BY BUTH REAKSMEY KONGKEA
With financial support from Goble Road Safety Partnership (GRSP), the National Road Safety Committee (NRSC) in collaboration with Handicap International Belgium (HIB) has organized the workshop on “Developing Cambodia’s 10 year-action plan from road safety 2011-2020” over two days from the 12th to the 13th of August 2010 at the Sunway Hotel in Phnom Penh. The workshop is aimed to set up developing Cambodia’s 10 year-action plan for road safety 2011-2020 in Cambodia.
Gen. Khan Savoeun, Secretary of State in the Ministry of Interior (MoI), said that in recent years the deaths caused by accident has increased every day, and is still a main concern for Cambodians. He added that road accidents has also become a main subject and is the second biggest concern and worry for the Cambodian government disaster after HIV/AIDS in the country.
He emphasized that according to the Ministry of Interior covering the first six moths of 2010, there are 3,040 cases of road accidents involving 6,346 victims, 931 out of whom were killed, 2, 853 seriously injured, and 2,562 slightly injured without a mention of orphans, widows, disability and assorted tragedies left behind by the road accidents, therefore making the Royal Government of Cambodia’s poverty reduction policy difficult.
Moreover, road accidents have also imposed financial burden on surviving family members of the victims. In 2009, road accidents costs Cambodia US$ 248 million and this money, if there were no road accidents, could be used to serve the social interests such as construction of hospitals, roads and bridges and so on.
“I would like to appeal to all our Cambodian road users to respect traffic laws by using proper helmets; belt wearing, not drink-driving and over speed driving. You must note that there is only your participation that we can reduce traffic accident, road crashes, deaths or injuries caused by the road accidents,” he said during his opening remarks at the workshop on road safety plan 2011-2020.
He called on NRSC and involved ministries and NGOs to continue their hard work in educating of gradual behavioural change of road users toward a culture of respect for the law by adopting a habit of wearing helmets, putting on rear mirrors, registration number plates, wearing safety belts when driving, respecting traffic signs, undergoing technical check-ups of vehicles and so on. He added that efforts will also be added to prevent over speeding and drink-driving offences, which often result in the serious injuries.

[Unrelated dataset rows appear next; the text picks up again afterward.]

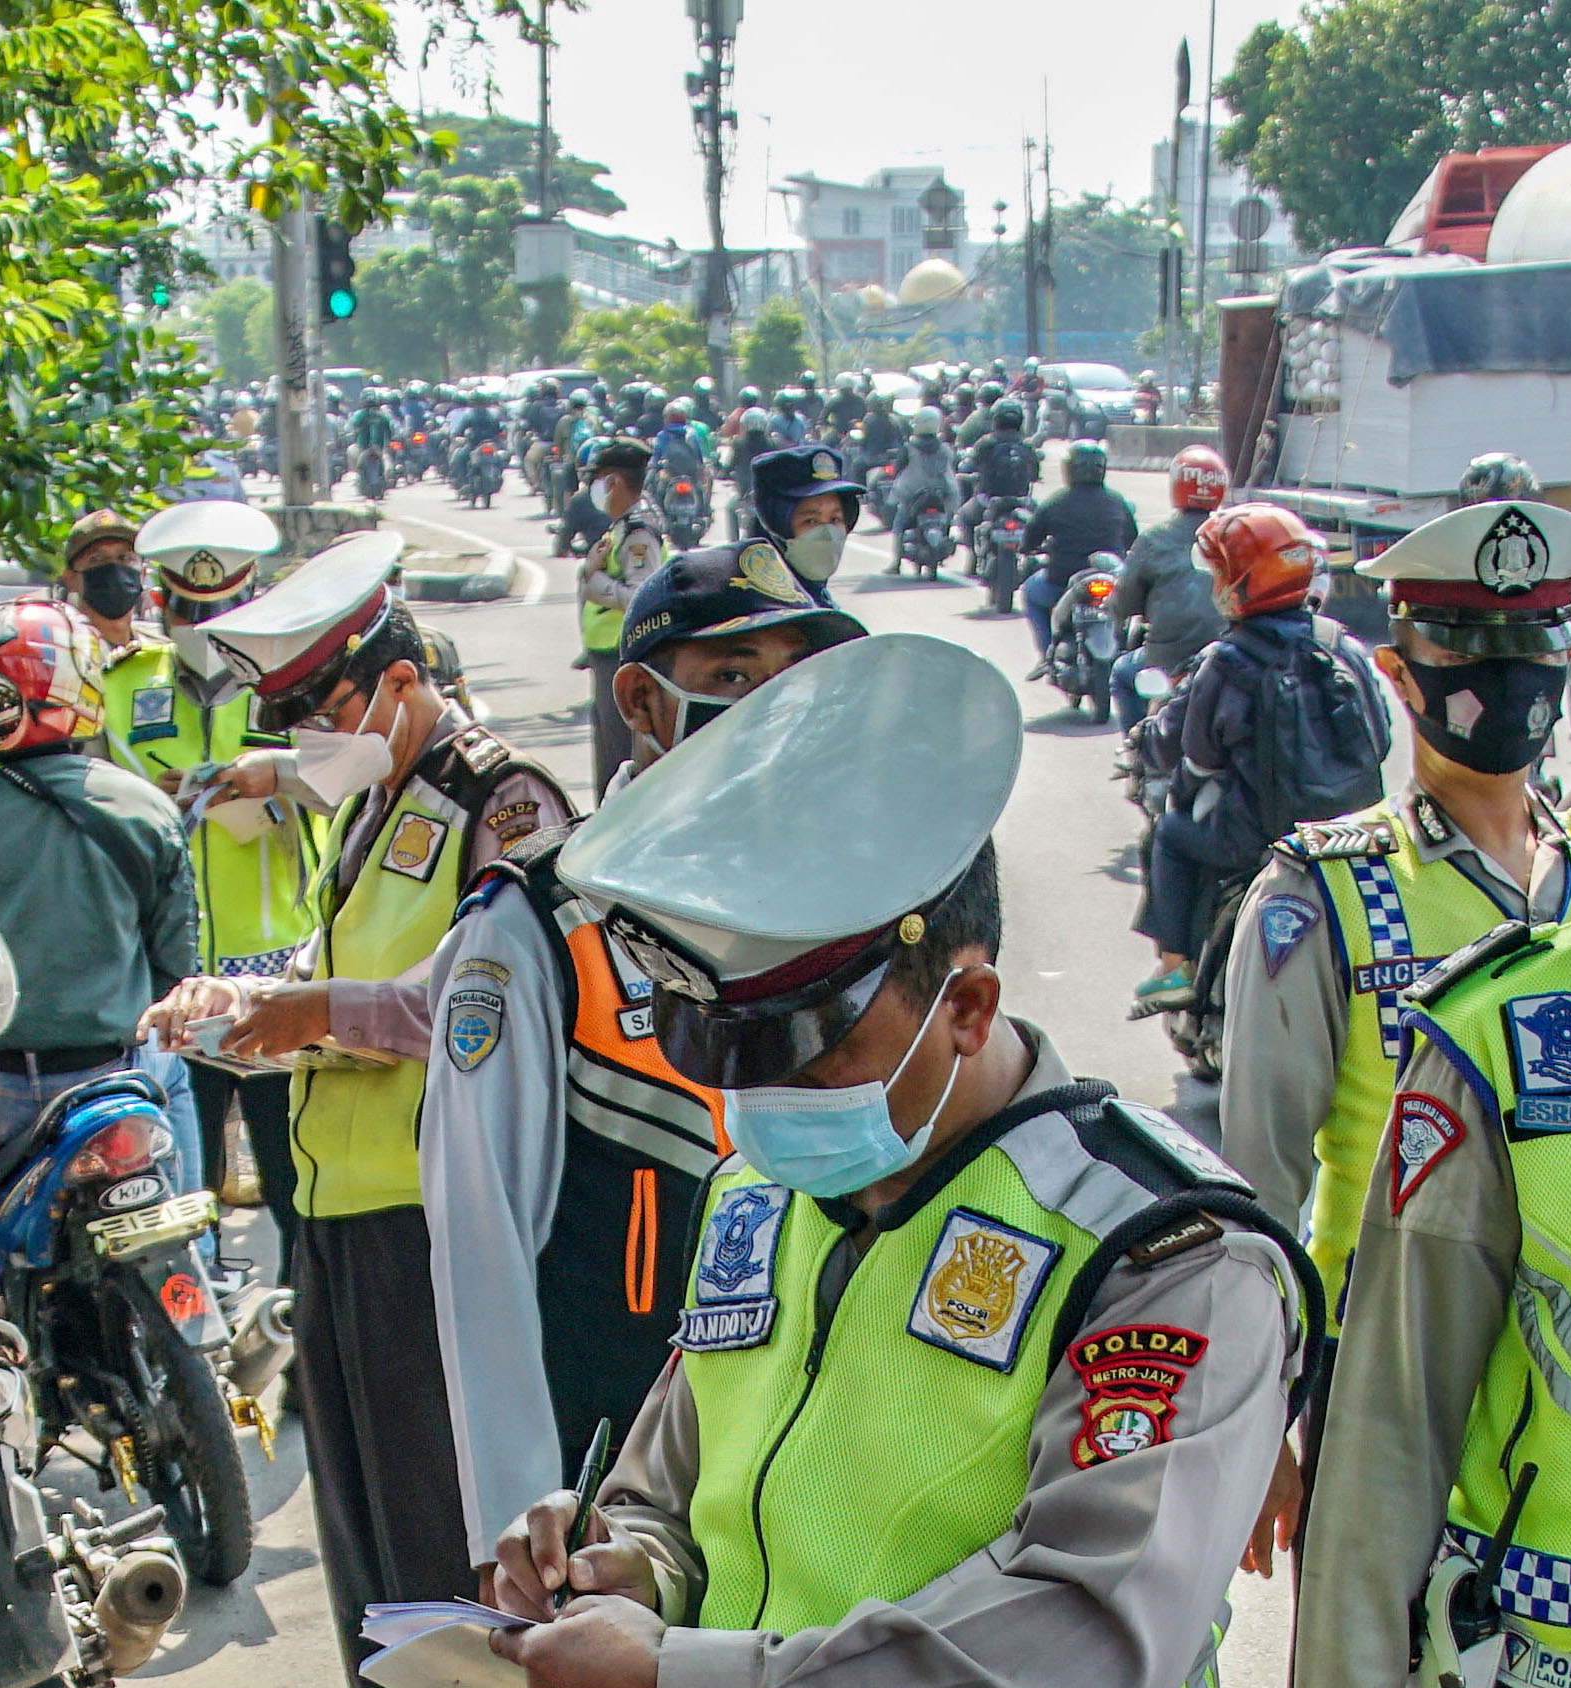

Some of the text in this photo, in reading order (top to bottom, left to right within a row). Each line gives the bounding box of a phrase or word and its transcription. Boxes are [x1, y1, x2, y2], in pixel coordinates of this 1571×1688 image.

[627, 611, 671, 648] DISHUB
[488, 802, 534, 828] POLDA
[119, 1181, 151, 1201] Kyt
[1147, 1222, 1206, 1253] POLISI
[947, 1299, 988, 1320] POLISI
[1084, 1331, 1190, 1363] POLDA
[1092, 1367, 1175, 1387] METRO-JAYA
[1536, 1670, 1565, 1688] LALU

Ryan Duly, GRSP Mekong Program Manager, said that the long-term commitment of the Royal Government of Cambodia, the National Road Safety Committee and partners to reduce road crashes and causalities is impressive, demonstrated by this workshop. In side this plan are the proposed key goals, targets, actions and measurable road map to improve road safety for all citizens of Cambodia.

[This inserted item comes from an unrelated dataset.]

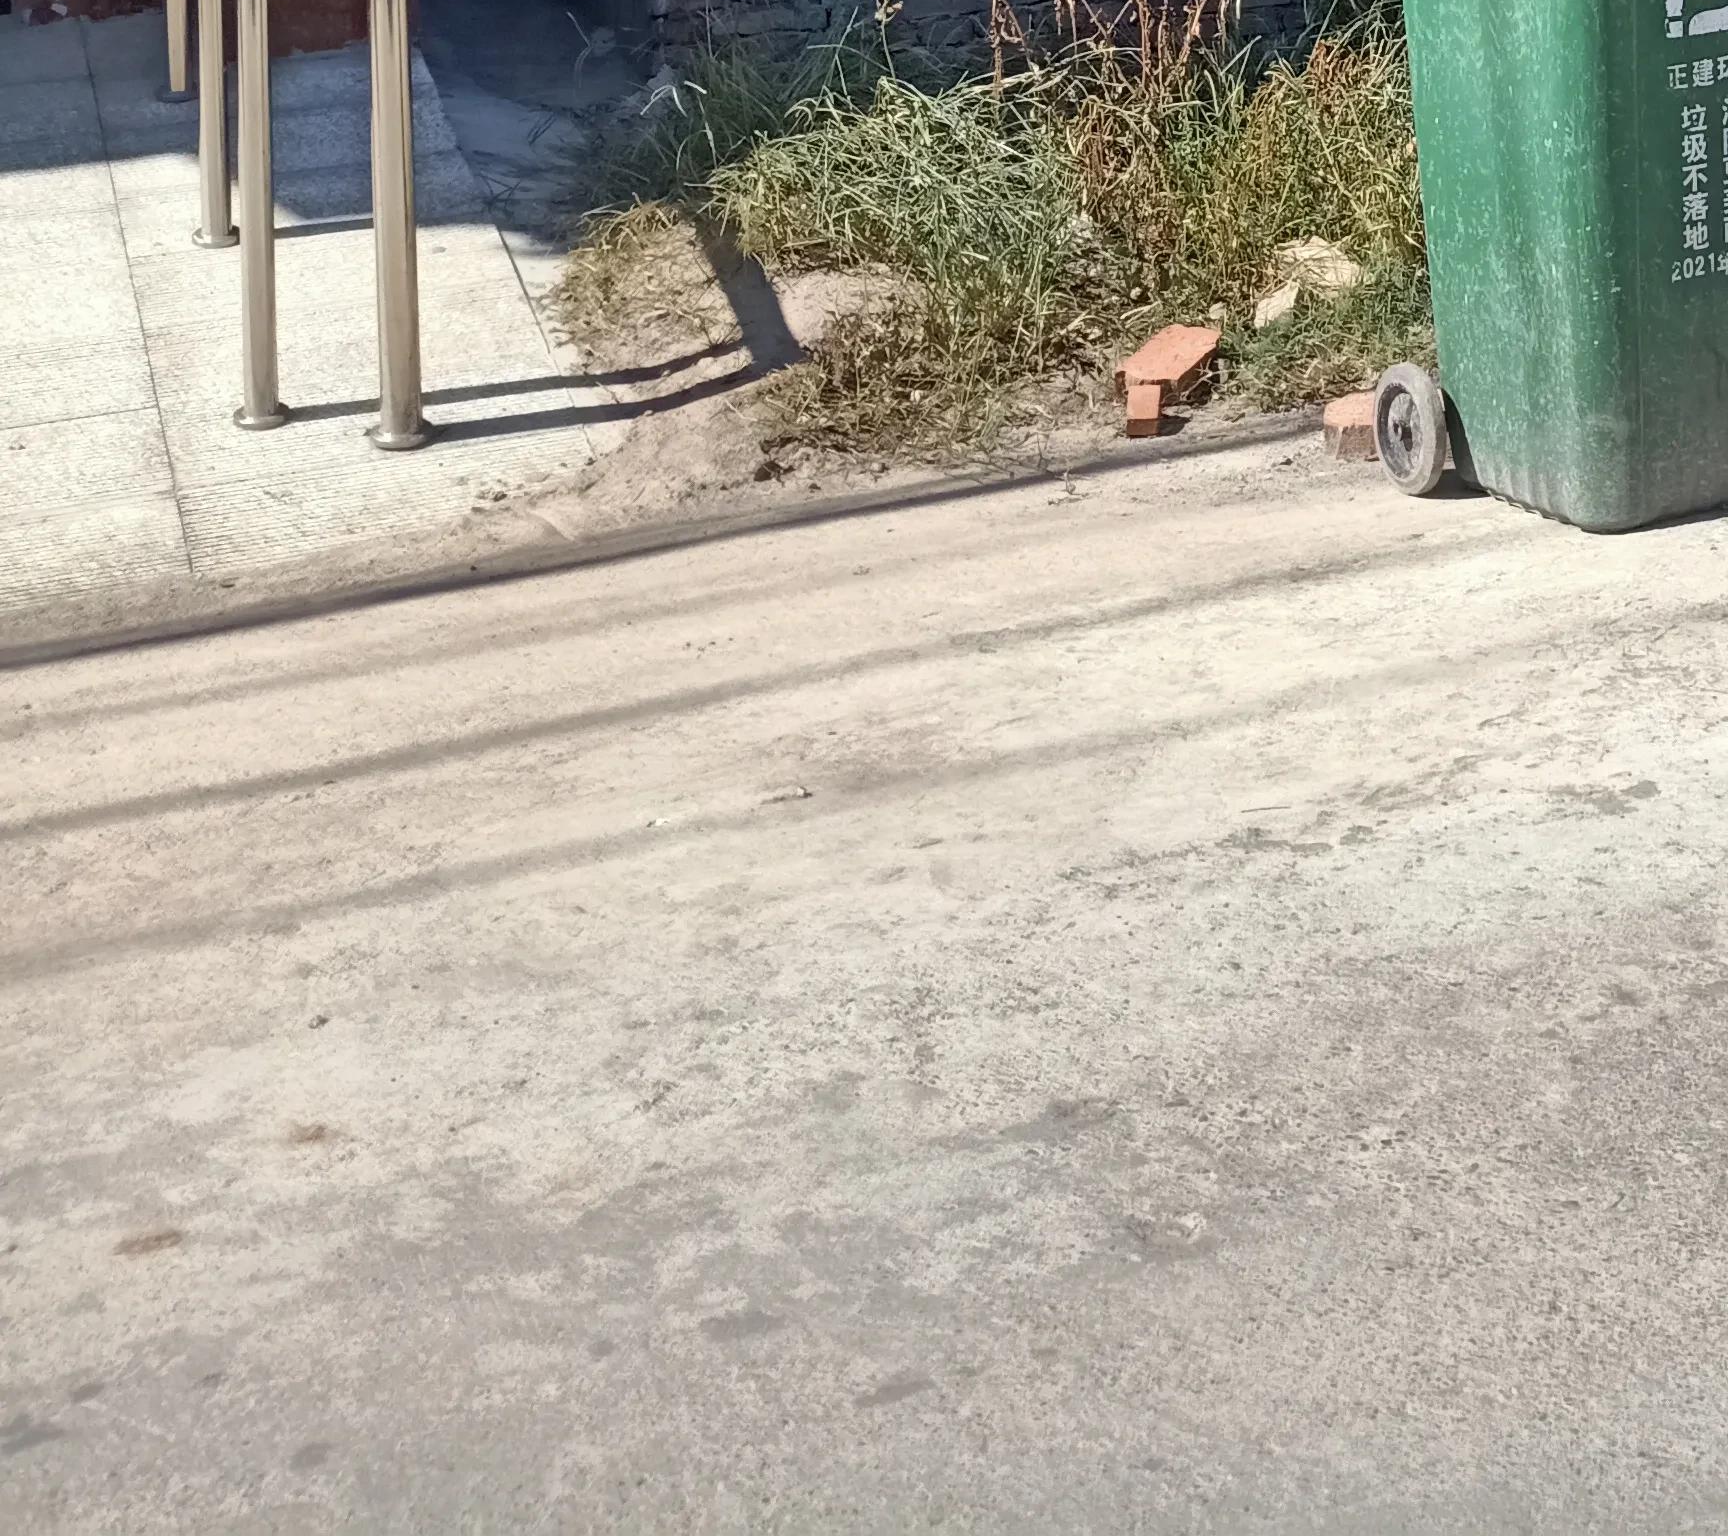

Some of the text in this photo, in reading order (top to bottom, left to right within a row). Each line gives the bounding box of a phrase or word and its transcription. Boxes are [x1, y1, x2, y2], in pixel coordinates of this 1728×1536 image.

Ryan Duly said that by developing this 10 year-plan, Cambodia is one of the first countries to commit and align themselves to the United Nations Decade of Action for Road Safety 2010-2020. The outcome of this decision is the UN General Assembly Resolution 64/ 255 “improving road safety” which lays out the UN’s pledges and recommendations for the next 10 years.

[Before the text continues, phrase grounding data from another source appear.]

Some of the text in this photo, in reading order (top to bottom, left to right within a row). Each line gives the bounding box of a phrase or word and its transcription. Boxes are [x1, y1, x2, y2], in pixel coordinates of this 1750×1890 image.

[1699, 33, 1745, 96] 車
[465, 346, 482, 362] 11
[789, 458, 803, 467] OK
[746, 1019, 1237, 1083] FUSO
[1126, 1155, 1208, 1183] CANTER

“I highly encourage all Cambodian stakeholders to read this important document. You will see that Cambodia is well on its way to following many of the recommendations outlined in this Resolution. Of course, one of the key outputs of the resolution is the development of the Decade of Action Plan at the global level, and the encouragement by the UN for each country to develop their own,” he said.
“GRSP is very proud to have provided financial and technical support, especially in partnership with the NRSC, MoI and HIB, to the process of developing the Cambodia Plan and you will have a chance to study and discuss it at this workshop. I am pleased to see that Cambodia’s Plan is indeed based on the proposed global actions, with local adaptation which ensures relevant to Cambodia’s situation and needs,” he added.
He said that as the UN Resolution clearly states, this strategy of cooperation between government, civil society and business is the only way that a solution to road safety can be achievement. GRSP, as its name highlights, believes in this approach and is committed to creating and sustaining partnerships for road safety.
“However, critical to the success of the plan will be to ensure adequate funding is committed to implementing the actions. I strongly encourage the NRSP and stakeholders to prioritize increased funding and investment. Without adequate funding, it will be very difficult to achieve your goal of reducing roads crashes and casualties, and improving road safety,” he said.